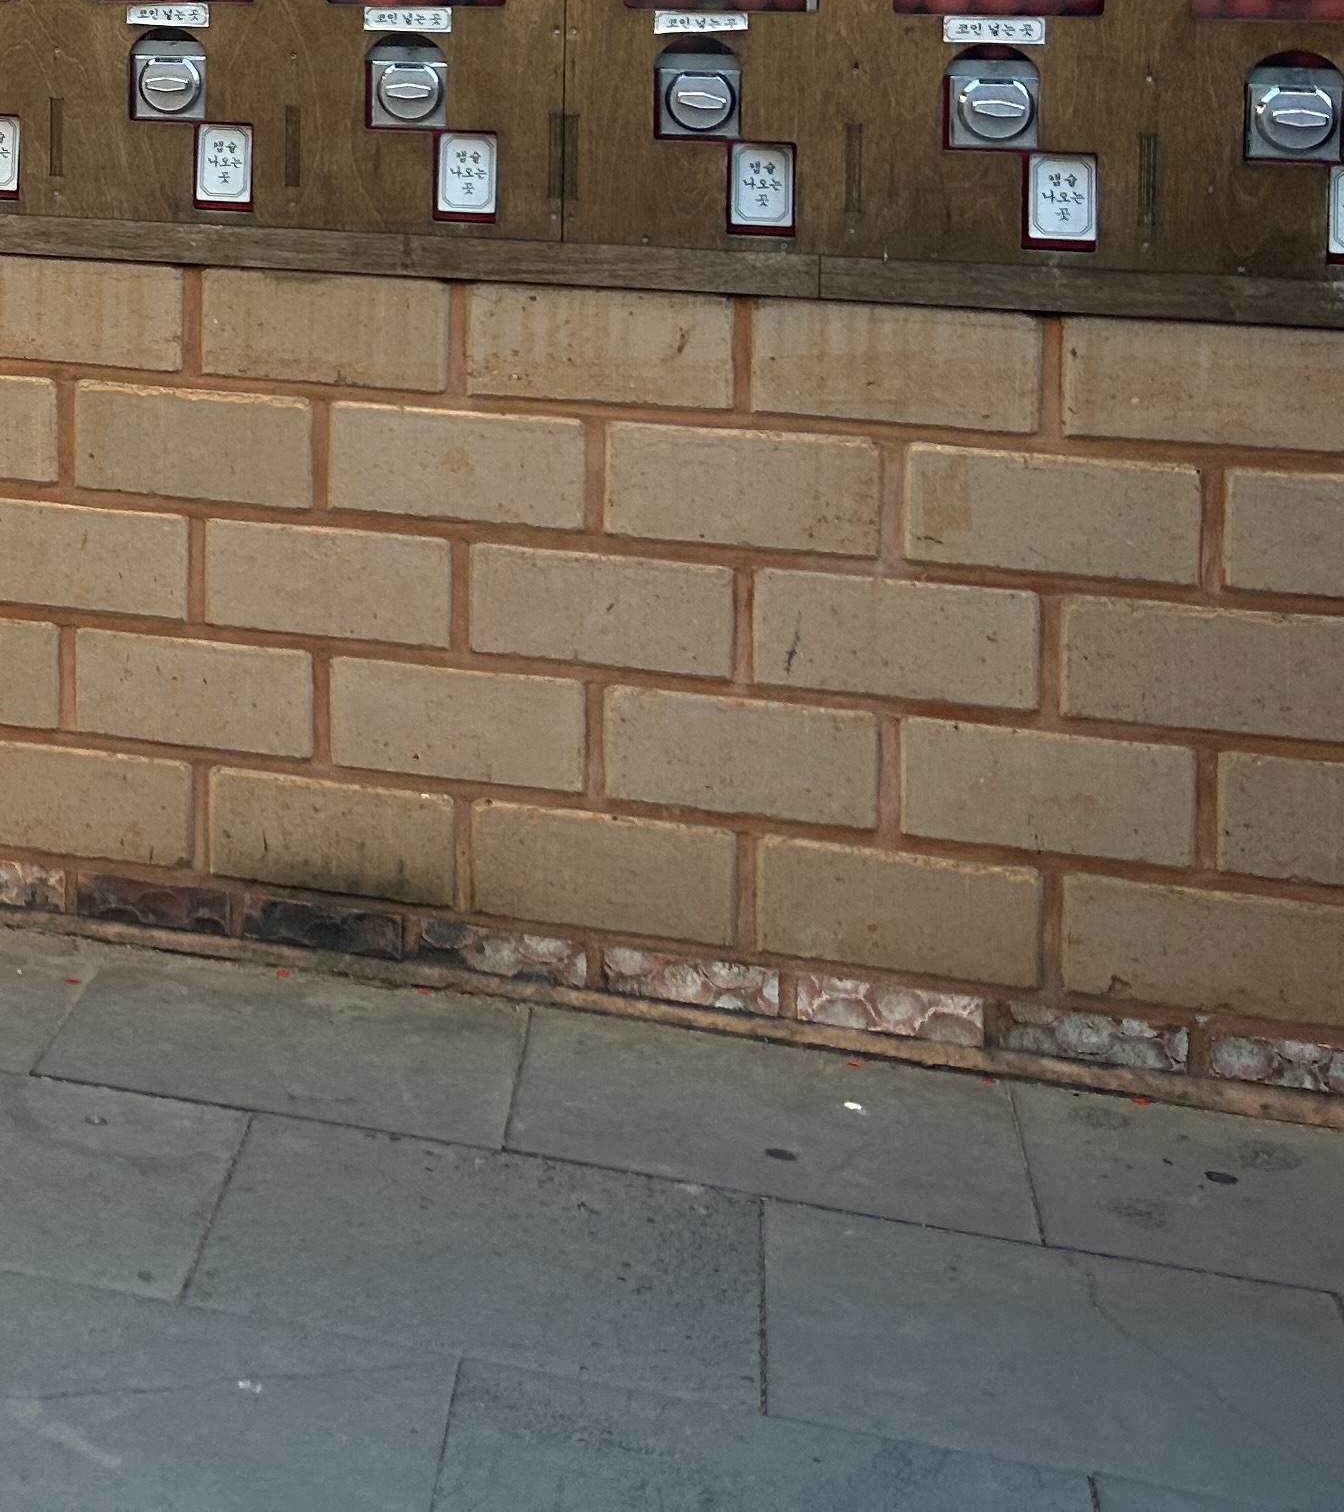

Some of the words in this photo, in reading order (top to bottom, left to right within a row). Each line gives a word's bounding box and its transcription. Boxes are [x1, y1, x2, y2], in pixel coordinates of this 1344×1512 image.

[137, 8, 159, 21] 코인
[163, 8, 186, 21] 넣는
[188, 9, 200, 22] 곳
[375, 12, 399, 24] 코인
[402, 12, 427, 26] 넣는
[429, 13, 442, 27] 곳
[666, 17, 690, 29] 코인
[695, 17, 722, 29] 넣는
[725, 18, 738, 29] 곳
[955, 23, 982, 36] 코인
[988, 23, 1016, 37] 넣는
[1020, 23, 1034, 37] 곳
[214, 140, 238, 154] 캡슐
[207, 155, 243, 169] 나오는
[456, 150, 482, 164] 캡슐
[450, 165, 488, 180] 나오는
[749, 161, 776, 175] 캡슐
[218, 171, 231, 184] 곳
[743, 176, 782, 191] 나오는
[1048, 173, 1078, 188] 캡슐
[461, 182, 475, 196] 곳
[755, 193, 769, 207] 곳
[1041, 189, 1085, 205] 나오는
[1055, 207, 1071, 221] 곳

_YOUR TASK_:
Repeat every entry above word for word, and include no pictures.

_SOLUTION FOR THIS EXERCISE_:
Some of the words in this photo, in reading order (top to bottom, left to right within a row). Each line gives a word's bounding box and its transcription. Boxes are [x1, y1, x2, y2], in pixel coordinates of this 1344×1512 image.

[137, 8, 159, 21] 코인
[163, 8, 186, 21] 넣는
[188, 9, 200, 22] 곳
[375, 12, 399, 24] 코인
[402, 12, 427, 26] 넣는
[429, 13, 442, 27] 곳
[666, 17, 690, 29] 코인
[695, 17, 722, 29] 넣는
[725, 18, 738, 29] 곳
[955, 23, 982, 36] 코인
[988, 23, 1016, 37] 넣는
[1020, 23, 1034, 37] 곳
[214, 140, 238, 154] 캡슐
[207, 155, 243, 169] 나오는
[456, 150, 482, 164] 캡슐
[450, 165, 488, 180] 나오는
[749, 161, 776, 175] 캡슐
[218, 171, 231, 184] 곳
[743, 176, 782, 191] 나오는
[1048, 173, 1078, 188] 캡슐
[461, 182, 475, 196] 곳
[755, 193, 769, 207] 곳
[1041, 189, 1085, 205] 나오는
[1055, 207, 1071, 221] 곳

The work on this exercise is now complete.